No one is compelling directors or actors to make one kind of film. If we start doing that, it’ll make us stale soon. Doing different cinema rejuvenates us. Doing pan-Indian films is not a trap... but a choice.

Mani Ratnam on the sets of ‘Ponniyin Selvan’ 

Mani Ratnam on the sets of ‘Ponniyin Selvan’  | Photo Credit: Special Arrangement

Speaking of being different every time, you have always been unpredictable and have chosen different genres every time. But they almost always have a sense of Mani Ratnam-ness to them with some trademark sequences; how do you see this dichotomy?

I don’t look at it as dichotomy. Cinema is a language which has its own beauty and visual media is a tool to narrate a story. Literature can have a few lines of poetry in between, but it’s not repetition when done in other literary works too. They are used to add accent to a sequence. A mirror is an efficient story-telling tool; we can show introspection, and even question and surprise ourselves. A novel can say what’s running within a character’s mind, but in a film, we have to show it, and a mirror does that well. Similarly, something that has movement or speed — be it horses or a train — adds rhythm, speed and motivation, apart from also pushing the story forward. They are cinematic tools just like wind, rain and sunshine.

In a recent interaction, you were vocal about your dislike towards using the term ‘woods’ to denote our film industries...

Why should we call ourselves a certain ‘wood’? European cinema doesn’t call itself Englishwood or Germanwood (laughs). We shouldn’t imitate them, given how we make the most number of films. We have so many regional cinema industries that all can come under the umbrella called Indian cinema. It’s degrading to bring us down to an imitation.

ALSO READ: Singer KS Chithra interview: ‘Music helped me come out of troubled times’

As a fan of Akira Kurosawa, your films have had inspirations from his, like the war sequence in ‘Thalapathi’s ‘Sundari’ song. Now that you’ve made a film with actual war sequences, can we call the ‘PS’ films an ode to the auteur?

Yeah, I think my love for PS is because I’ve loved Kurosawa’s work. He’s a master who has shown that a period piece can be shot in a realistic manner and not in a sepia tone like a history film. Intentionally or not, I learnt from his films that a period film can be showcased as a story transpiring right in front of our eyes amidst dirt, dust and sweat. Not just in PS, but all my films have his influence.

From a children’s film to an epic historic film, you’ve done it all. Is there something you still want to try?

Of course (laughs)! If you want to do movies, there is so much that’s possible. So many good films are being made now. I think it’s a good time to make good films.

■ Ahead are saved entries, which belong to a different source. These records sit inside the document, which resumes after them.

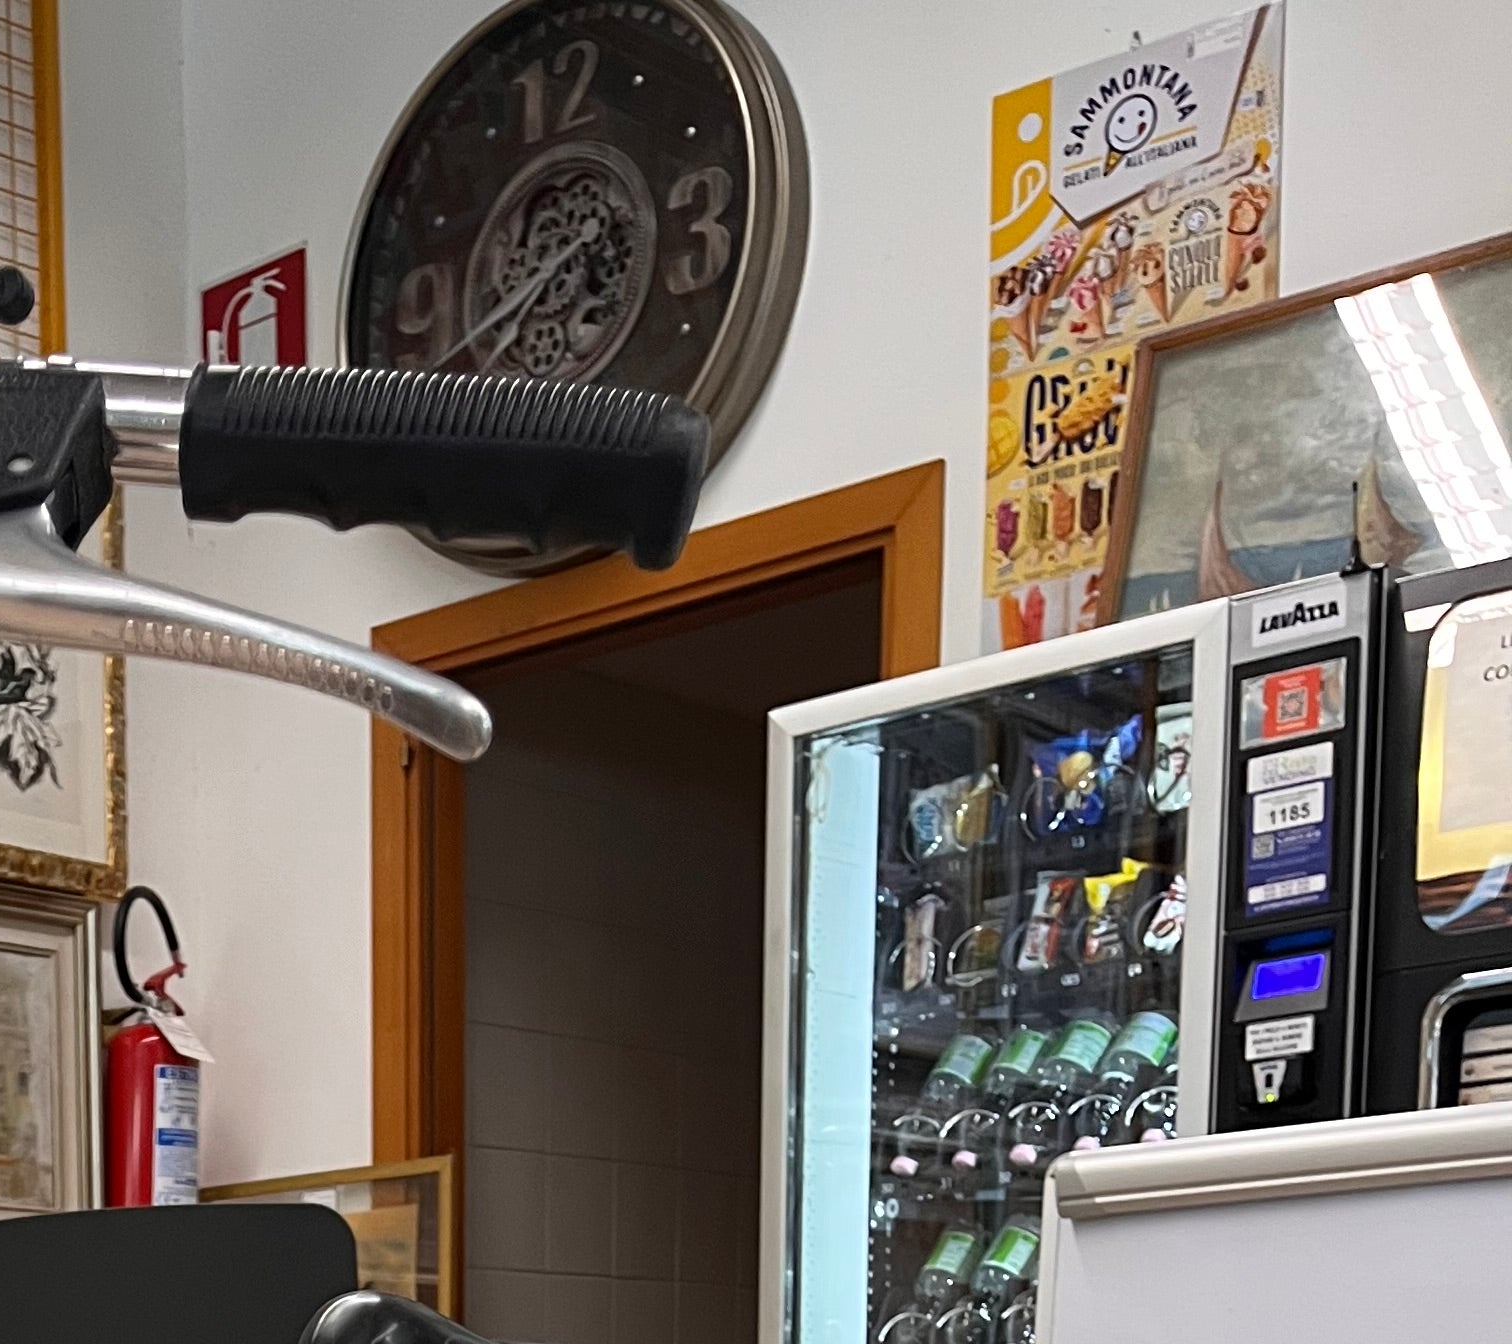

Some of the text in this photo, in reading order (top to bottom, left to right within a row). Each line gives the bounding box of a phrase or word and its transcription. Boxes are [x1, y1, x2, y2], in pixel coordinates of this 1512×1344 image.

[513, 39, 600, 144] 12
[1063, 63, 1198, 157] SAMMONTANA
[665, 166, 733, 296] 3
[1259, 601, 1339, 634] LAVAZZA
[1270, 802, 1311, 825] 1185

‘Pallavi Anu Pallavi’ came out in 1983, so this year also marks your 40th as a director in which you’re teaming up once again with Kamal Haasan. How do you see the evolution of Tamil cinema from then to now?

It doesn’t really feel like 40 years; it just feels like a couple of years. I know the answer is going to be clichéd, but it still feels like doing your first film every time.

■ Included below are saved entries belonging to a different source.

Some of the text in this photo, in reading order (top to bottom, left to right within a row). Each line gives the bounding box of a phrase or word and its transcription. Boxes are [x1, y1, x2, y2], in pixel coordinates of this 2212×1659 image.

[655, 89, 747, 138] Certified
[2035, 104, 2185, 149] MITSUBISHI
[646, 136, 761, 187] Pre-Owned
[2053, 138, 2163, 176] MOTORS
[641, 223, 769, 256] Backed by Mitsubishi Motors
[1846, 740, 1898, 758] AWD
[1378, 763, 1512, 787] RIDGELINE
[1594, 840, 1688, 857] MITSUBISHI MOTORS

As far as my next film with Kamal is concerned, PS:2 is releasing on April 28 and the work for the new film will commence on April 29. When I start the next film, I don’t know how I’ll do it. Adha eppadi ezhutha porom, eppadi eduka porom, oru idea um illa.

Actor Kamal Haasan and director Mani Ratnam

Actor Kamal Haasan and director Mani Ratnam | Photo Credit: VEDHAN M

So we’ll have to start everything from scratch; that’s the challenge and that’s what excites me. We are on the verge of entering a bigger evolution with technology changing and being able to shoot virtually. But beside all that, the goal is to say a story with an actor who pulls it off convincingly. The evolving technology are tools to which we can adapt and they don’t decide the sculpture. All we need are good stories, actors to put them across and people who want to listen to them. We have got that.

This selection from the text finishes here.